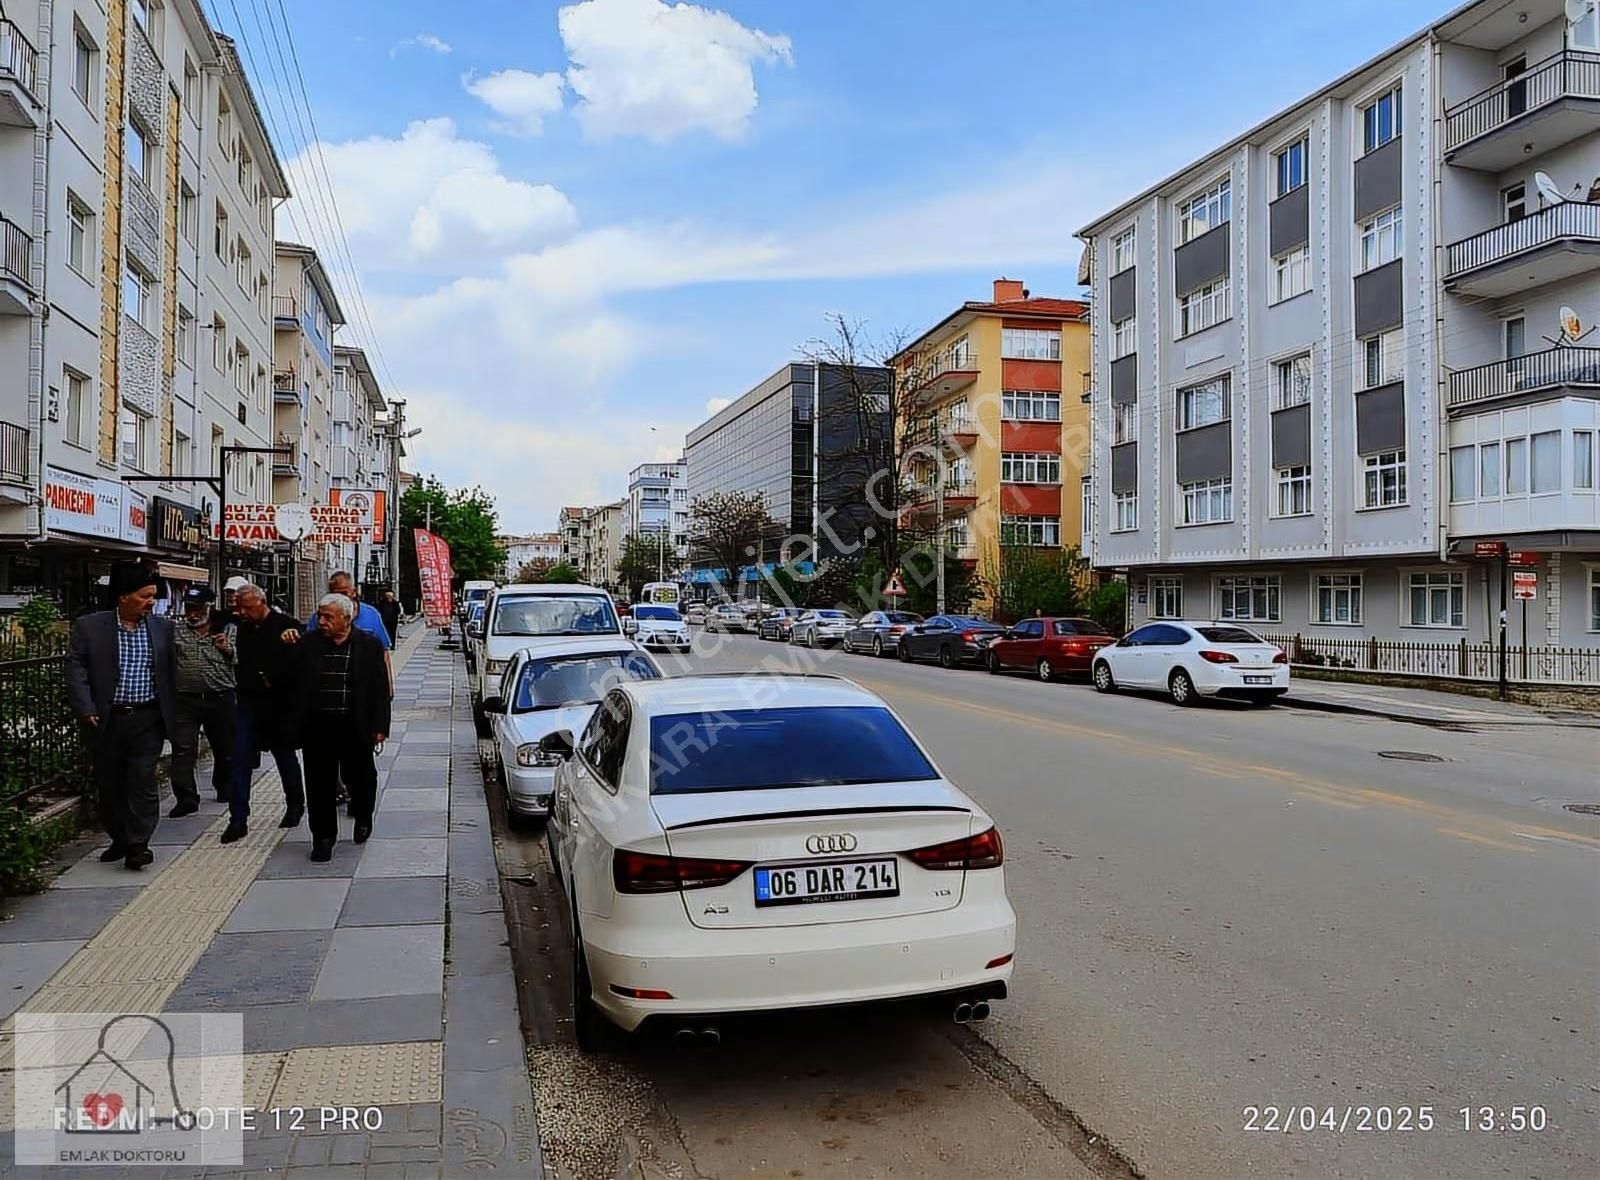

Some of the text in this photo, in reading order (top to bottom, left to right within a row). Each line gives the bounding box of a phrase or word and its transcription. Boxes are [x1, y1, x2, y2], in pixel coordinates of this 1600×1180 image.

[224, 504, 279, 513] MUTFA
[309, 507, 368, 516] AMINAT
[164, 504, 182, 541] HTC
[214, 523, 285, 540] FAYAN
[771, 864, 892, 896] 06 DAR 214
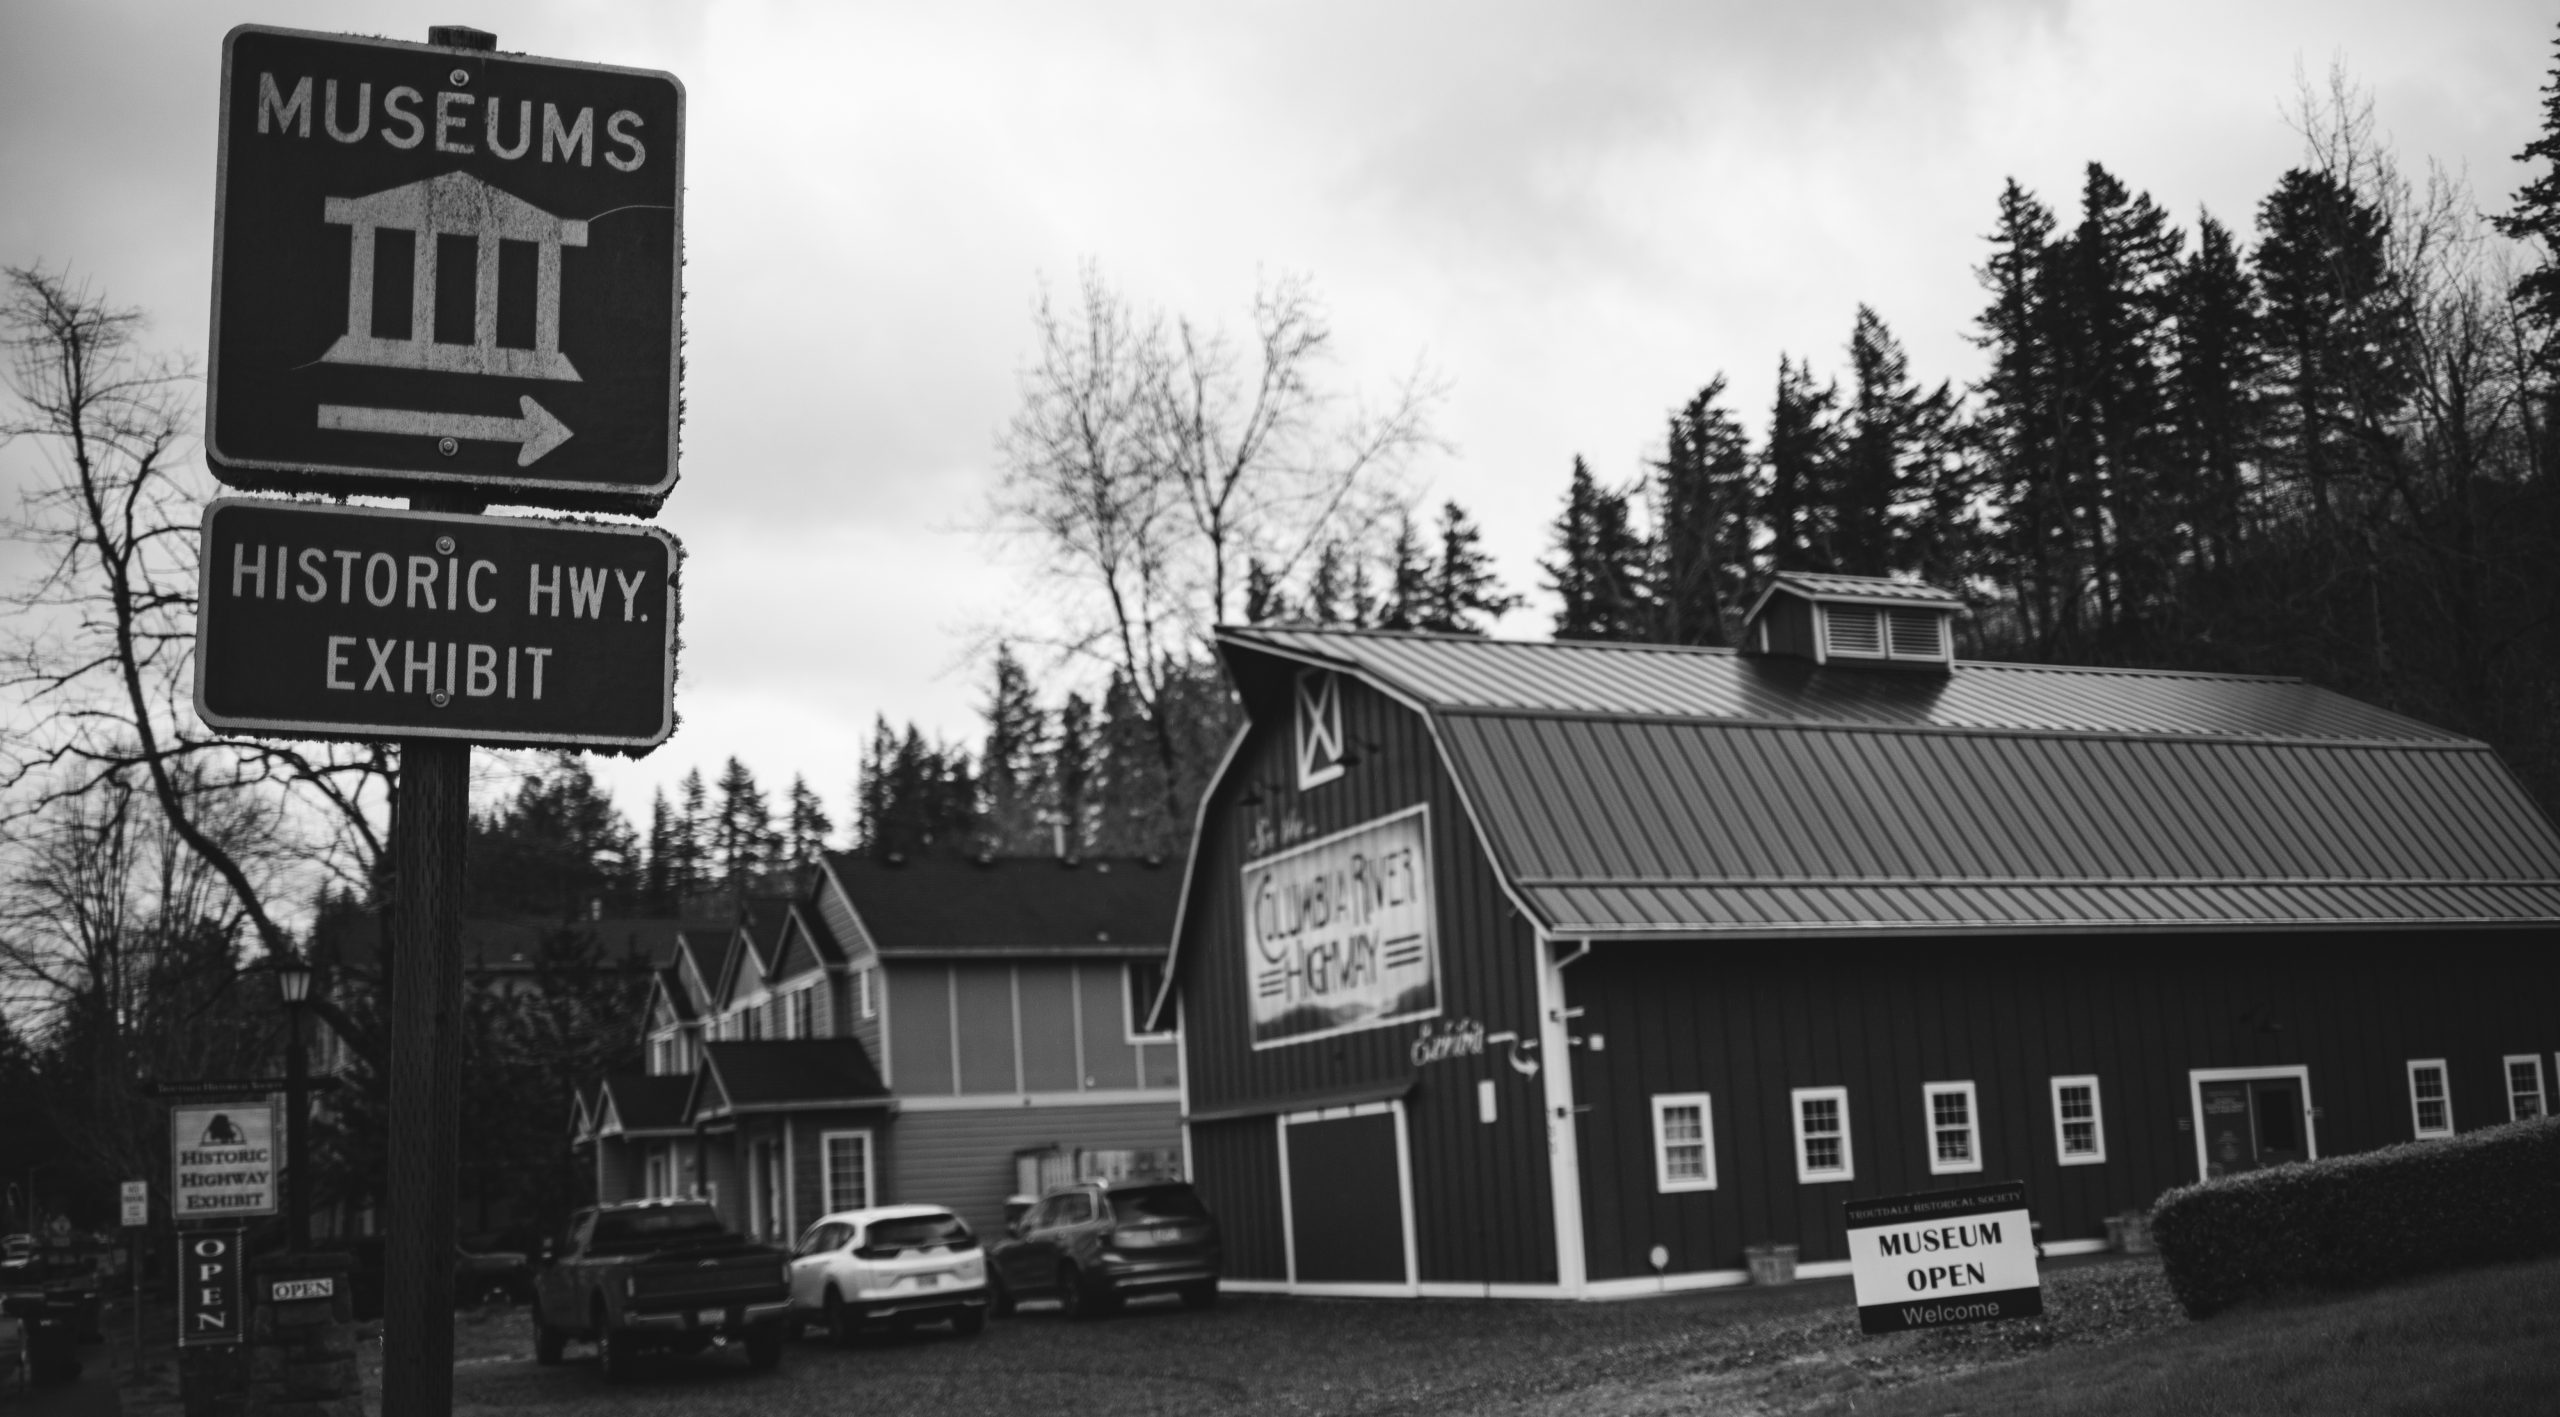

### Exercise requirements
The answer is the full listing above, reproduced character for character, minus its images.

### Task result
Some of the text in this photo, in reading order (top to bottom, left to right within a row). Each line gives the bounding box of a phrase or word and its transcription. Boxes are [x1, y1, x2, y2], in pixel coordinates of this 1600×1180 image.

[224, 504, 279, 513] MUTFA
[309, 507, 368, 516] AMINAT
[164, 504, 182, 541] HTC
[214, 523, 285, 540] FAYAN
[771, 864, 892, 896] 06 DAR 214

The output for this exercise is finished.